About the Artist
Richard Herschberger is a visual artist based in the central Illinois farm country. He learned that being creative and innovative is a natural attribute to be used and not just stumbled onto or declared a useless pastime. Though Amish, his parents, and extended family learned to utilize creativity and innovation within the parameters of a structured life. Richard saw this even in his Amish grandmother who made over 150 beautiful creative quilts addressed with color and design.
Richard’s father would restructure the new John Deere combine and many other farming equipment pieces on the grain farm to function even better. Richard’s mother created beautiful floral gardens and glorious floral centerpieces from her garden for others to enjoy at her church and friends’ special occasions. She joined a local small-town art club and learned to paint as a hobby.

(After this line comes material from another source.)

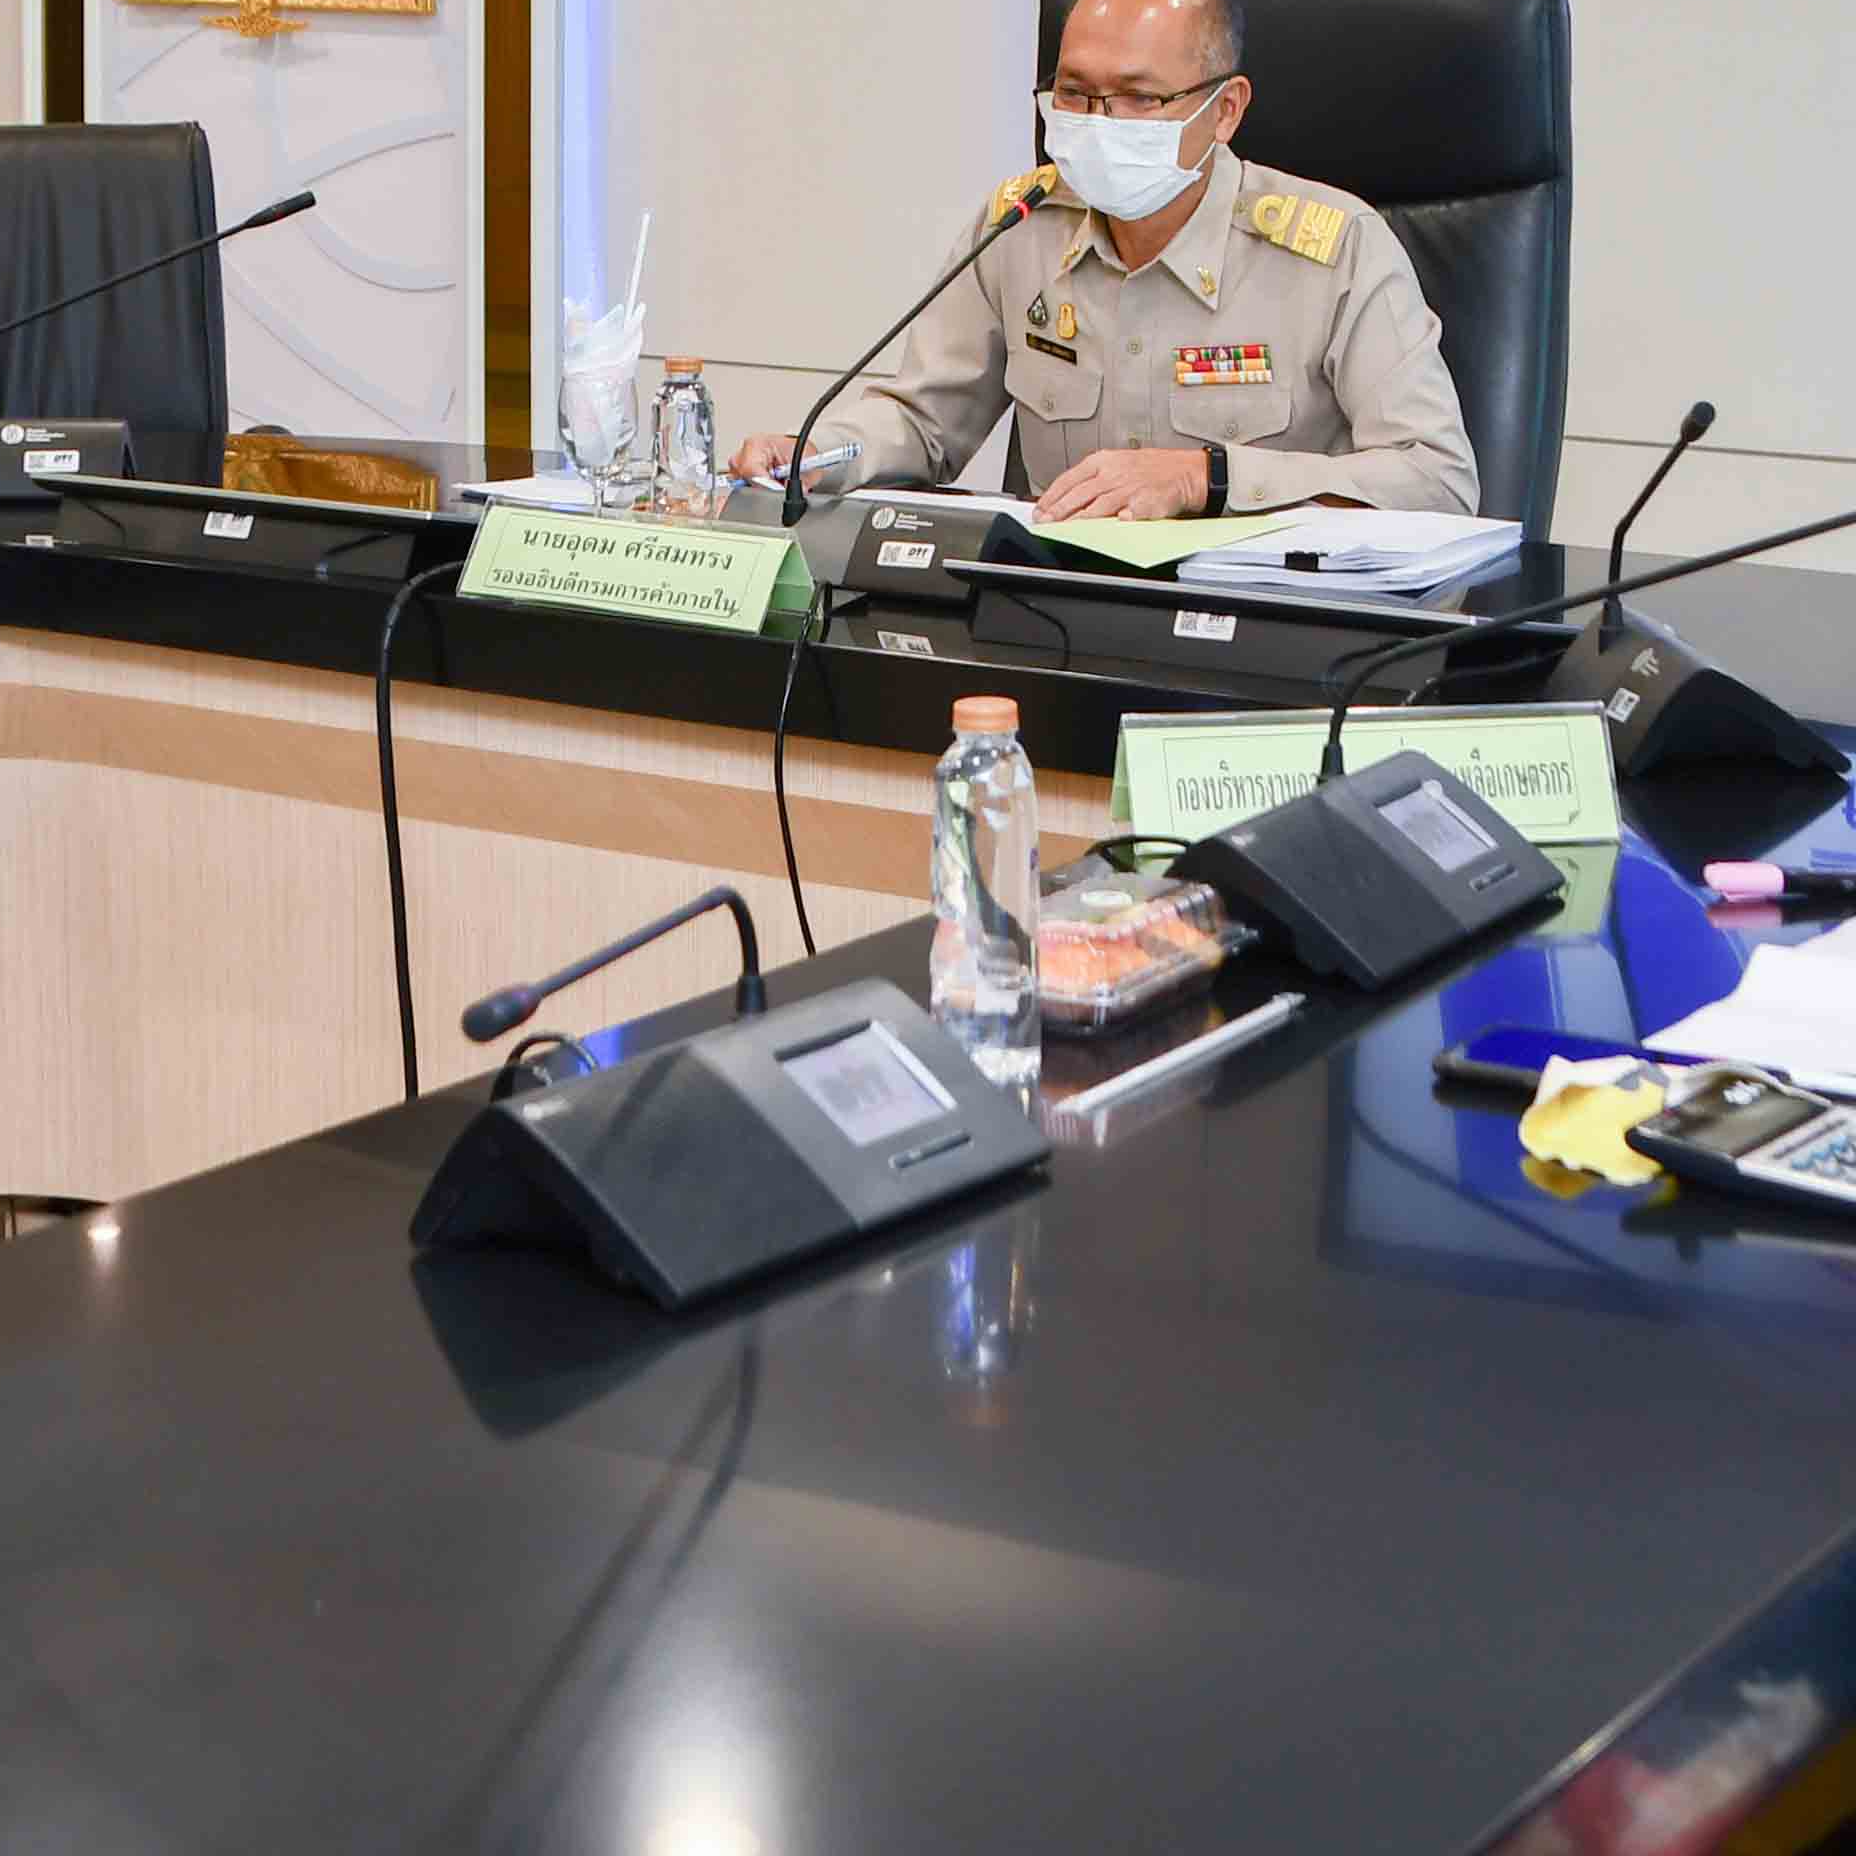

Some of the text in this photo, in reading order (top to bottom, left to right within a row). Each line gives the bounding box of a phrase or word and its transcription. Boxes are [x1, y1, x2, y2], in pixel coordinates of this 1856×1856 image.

Two early life events that Richard recalls utilizing his innovation and observation are: making from wood scraps a rear bicycle seat on his little bike so that his little sister could ride with him; and running into the house one spring morning after counting the blossoms in the garden, to declare to his mother that they would have 922 strawberries to pick. Growing up and working on the family grain farm gave Richard continual venues to observe, create and innovate in. Colors, shapes, and designs from the earthworm coming up out of the mud to the sky filled with clouds and stars, stirred his imagination.
But to consider art as a venue of self-expression and creativity for himself was very slim. On his first day of a college art class, he was asked to make a drawing but found himself totally at a loss and quit that class. However, the high-end 35mm camera that he purchased opened the door to see the art of photography. He attended many weeklong photography workshops from Nova Scotia, Vermont, to California with the Ansel Adams Yosemite Valley workshop being the highlight. Art had dug vision and passion into Richard. Pursuing the fine art and craft of photography was foremost in his pursuit as time and funds would allow. But before retiring from commercial photography in 2016, Richard began pushing into painting with full attention to developing his oeuvre.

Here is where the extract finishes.